Следующие сорок минут были потрачены на то, чтобы сначала все-таки уговорить его съесть эту чертову овсянку, а потом отмыть кухню от нее. Мусяка плевался кашей на дальность, хохотал и хлопал в ладоши, если удавалось доплюнуть до стены, а я носилась за ним и делала страшные глаза. Но потом пришел с работы Владимир, и все успокоилось. Как всегда, Мусякин бросился ему на шею и сразу как-то затих.

– Что это ты весь в каше? – усмехнулся муж. – Ты же не вырастешь, если кашу есть не будешь.

– Выясту, – возразил сын.

– Не-а, – замотал головой Володя и вытаращил на меня глаза: – Мама, ты знаешь хоть одного мальчика, который бы вырос без кашки?

– Ни одного не знаю, – старательно закивала я. – Все так и остались малышами.

– Точно. Помнишь того малюсенького мальчика из первого подъезда, – заговаривал зубы Мусяке муж, пока я под шумок пихала сынишке в рот остатки каши прямо из кастрюли.

– А как же. Он же так и не вырос. Врачи ничего не смогли сделать.

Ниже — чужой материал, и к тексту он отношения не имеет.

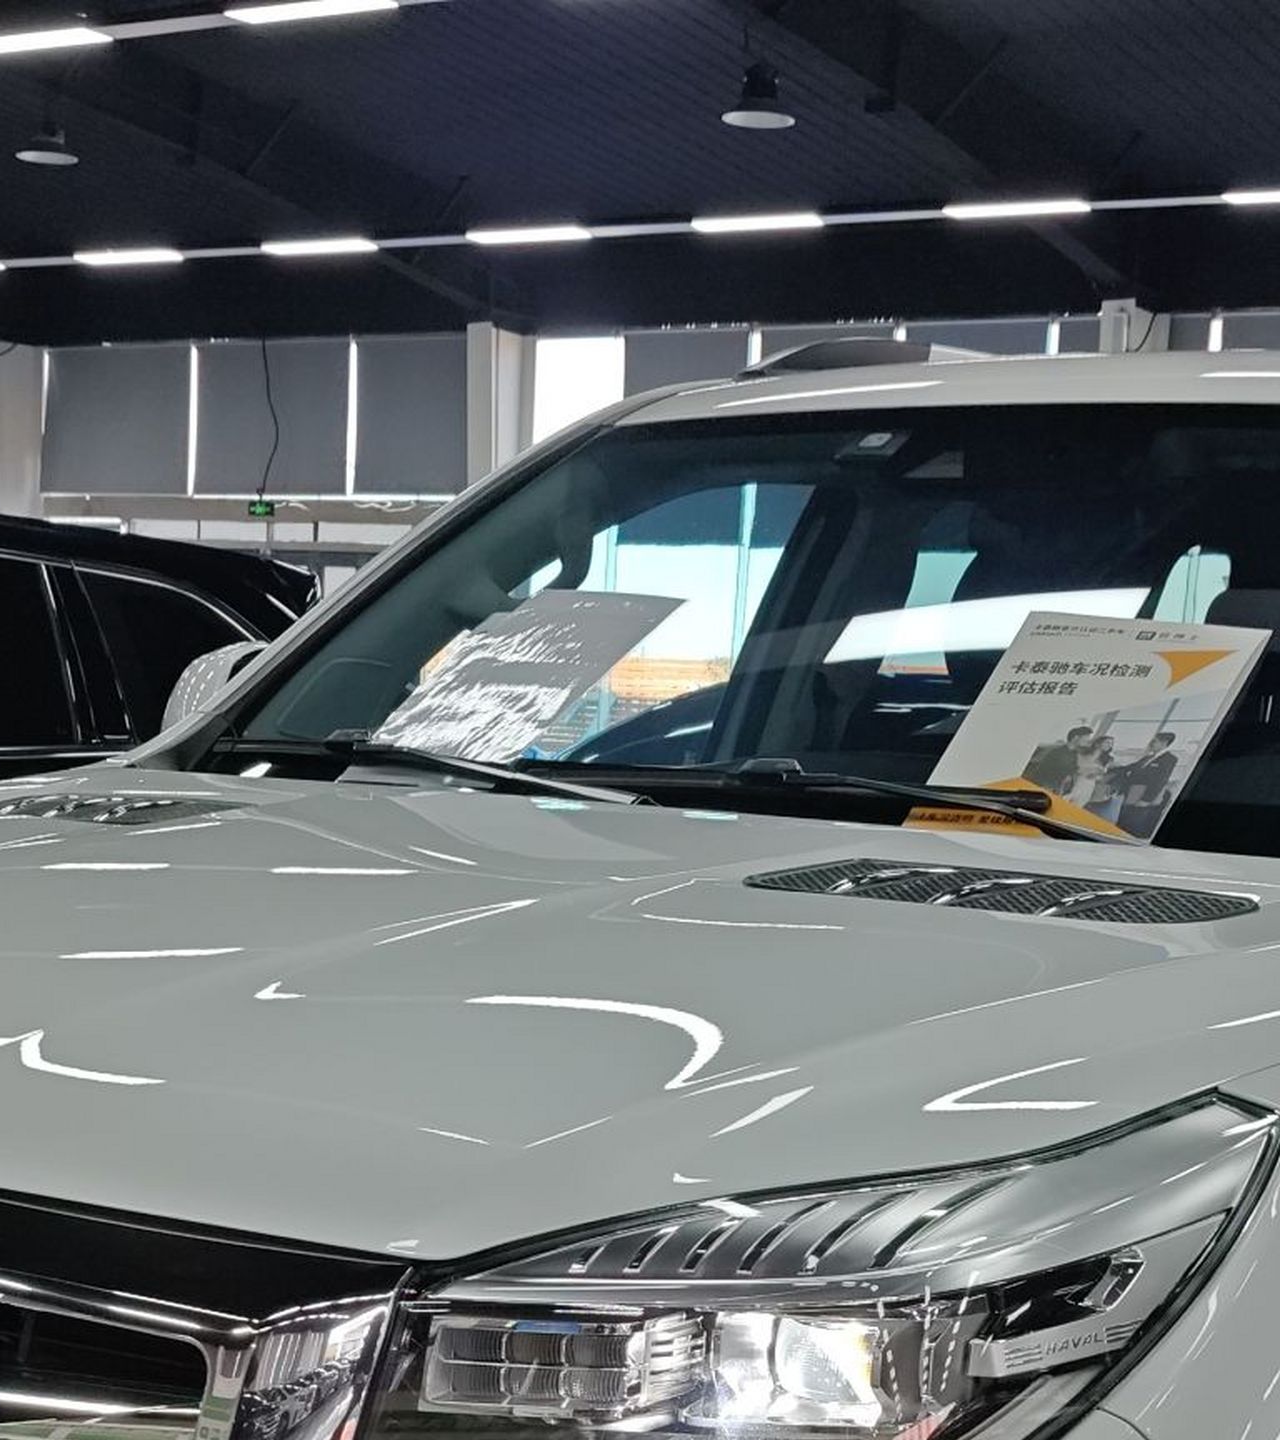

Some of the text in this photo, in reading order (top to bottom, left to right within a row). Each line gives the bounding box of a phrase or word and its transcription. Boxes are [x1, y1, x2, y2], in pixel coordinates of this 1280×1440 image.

[1011, 661, 1154, 678] 卡泰驰车况检测
[998, 680, 1078, 696] 评估报告
[1047, 1333, 1104, 1356] HAVAL

– Точно! – уморительно-серьезным тоном сказал Володя.

Мусяка глотал кашку, восхищенно глядя на своего папашу. А тот потихоньку бросал ободряющие взгляды на меня. Мол, не волнуйся. Я пришел, я с тобой. Я помогу тебе, можешь быть спокойна.

– Пап, а ойки едят кафку? – спросил сын с набитым ртом.

– Кто? – опешили мы.

– Войки, – поправился он.

– А, волки? – догадался муж. Все-таки лингвист.

– Ага. Войки, – с досадой повторил Мусяка.

– Конечно же едят, – хором подтвердили мы.

При мысли, что даже волкам приходится терпеть этот беспредел с кашей, Мусякин как-то успокоился и погрузился в глубокое раздумье. О чем уж он там думал – не знаю, но кашу доел, что уже было неплохо. А потом, скорчив страшную рожицу, зарычал на нас, изобразив из пальчиков когти. От такой картины мы, не сговариваясь, прыснули со смеху.